Spatial localization data:
◆ ◆ ◆ ◆ ◆
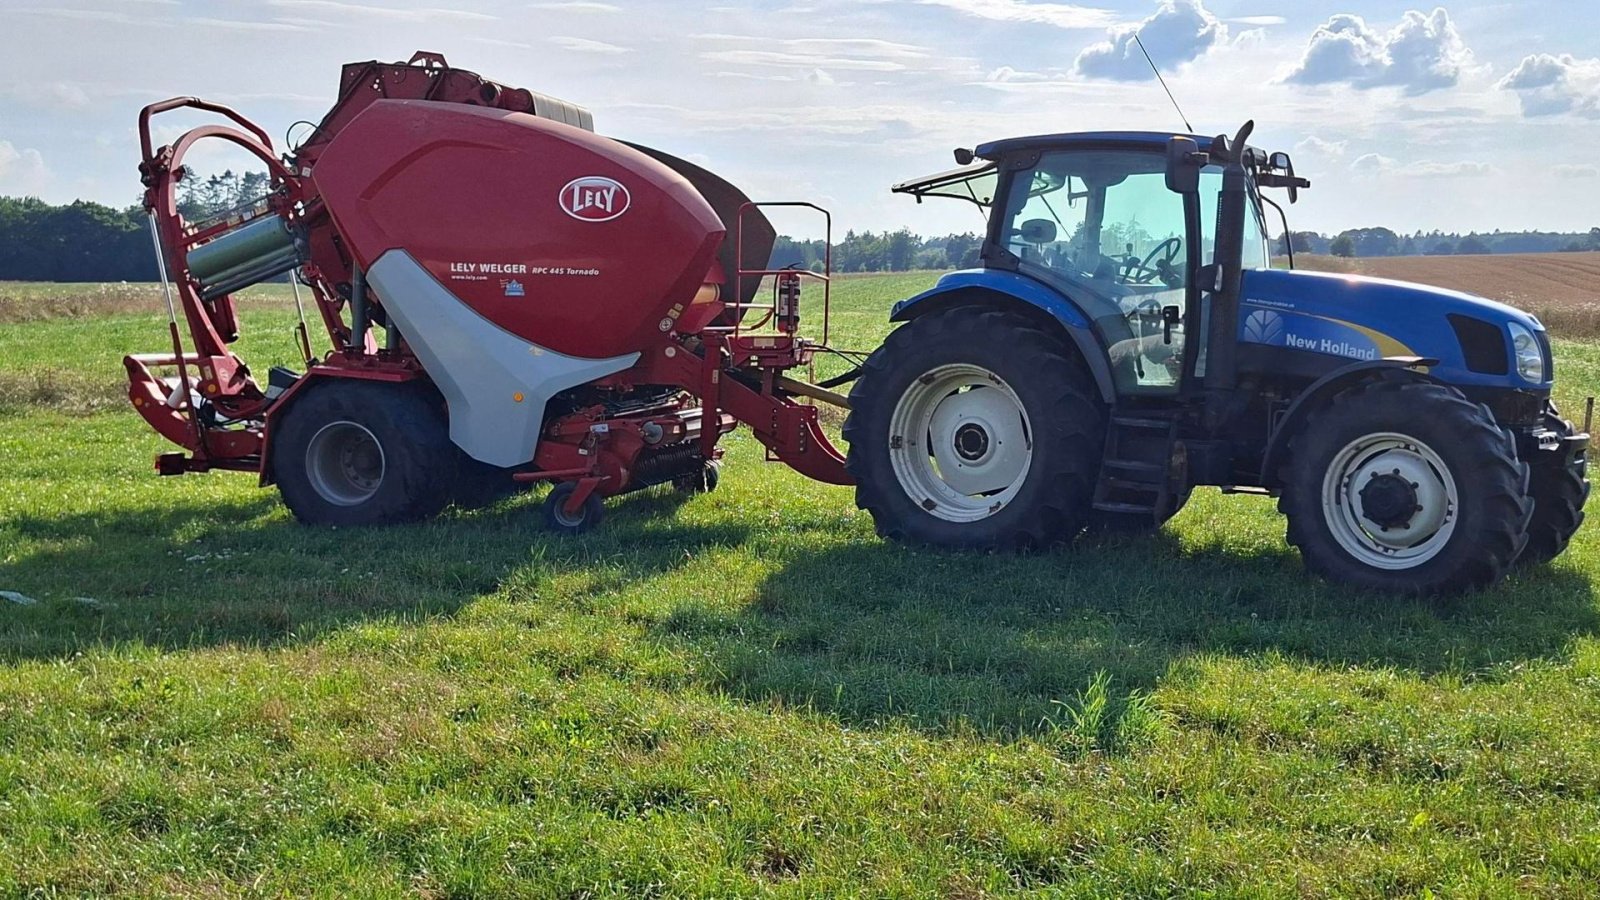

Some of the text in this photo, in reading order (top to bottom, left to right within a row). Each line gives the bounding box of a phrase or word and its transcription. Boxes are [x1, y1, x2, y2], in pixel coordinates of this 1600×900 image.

[572, 184, 615, 213] LELY
[450, 262, 600, 276] LELY WELGER RPC 445 Tornado
[1286, 333, 1375, 361] New Holland
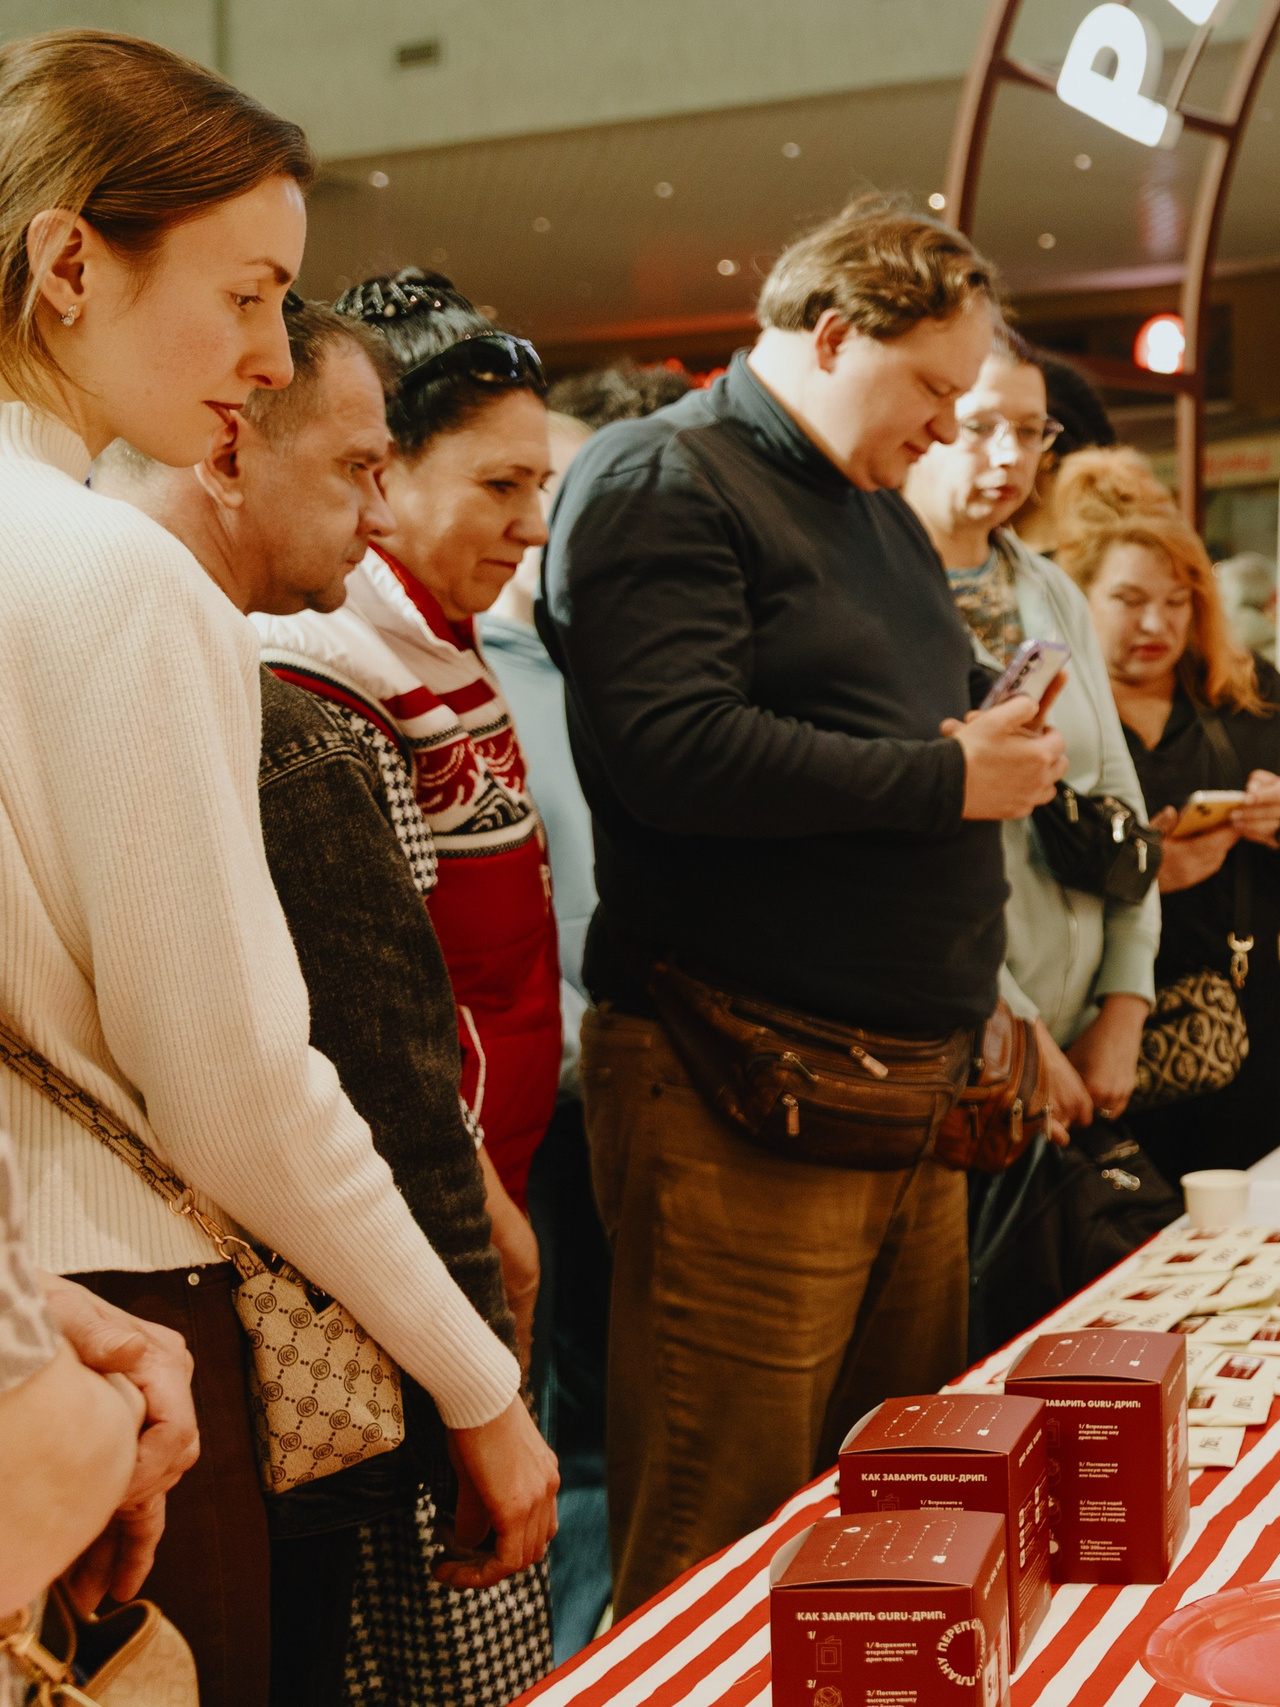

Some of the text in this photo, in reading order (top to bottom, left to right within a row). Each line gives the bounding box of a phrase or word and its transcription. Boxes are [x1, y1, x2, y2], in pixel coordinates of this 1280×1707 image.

[1087, 1399, 1141, 1410] GURU-ДРИП:
[861, 1473, 988, 1483] КАК ЗАВАРИТЬ GURU-ДРИП:
[797, 1611, 946, 1622] КАК ЗАВАРИТЬ GURU-ДРИП:
◆ ◆ ◆ ◆ ◆
What the task requires »
Starting from the line that contains "this 1280×1707 image.", reproduce each line of the data exactly through the last one.

Output below »
Some of the text in this photo, in reading order (top to bottom, left to right within a row). Each line gives the bounding box of a phrase or word and its transcription. Boxes are [x1, y1, x2, y2], in pixel coordinates of this 1280×1707 image.

[1087, 1399, 1141, 1410] GURU-ДРИП:
[861, 1473, 988, 1483] КАК ЗАВАРИТЬ GURU-ДРИП:
[797, 1611, 946, 1622] КАК ЗАВАРИТЬ GURU-ДРИП:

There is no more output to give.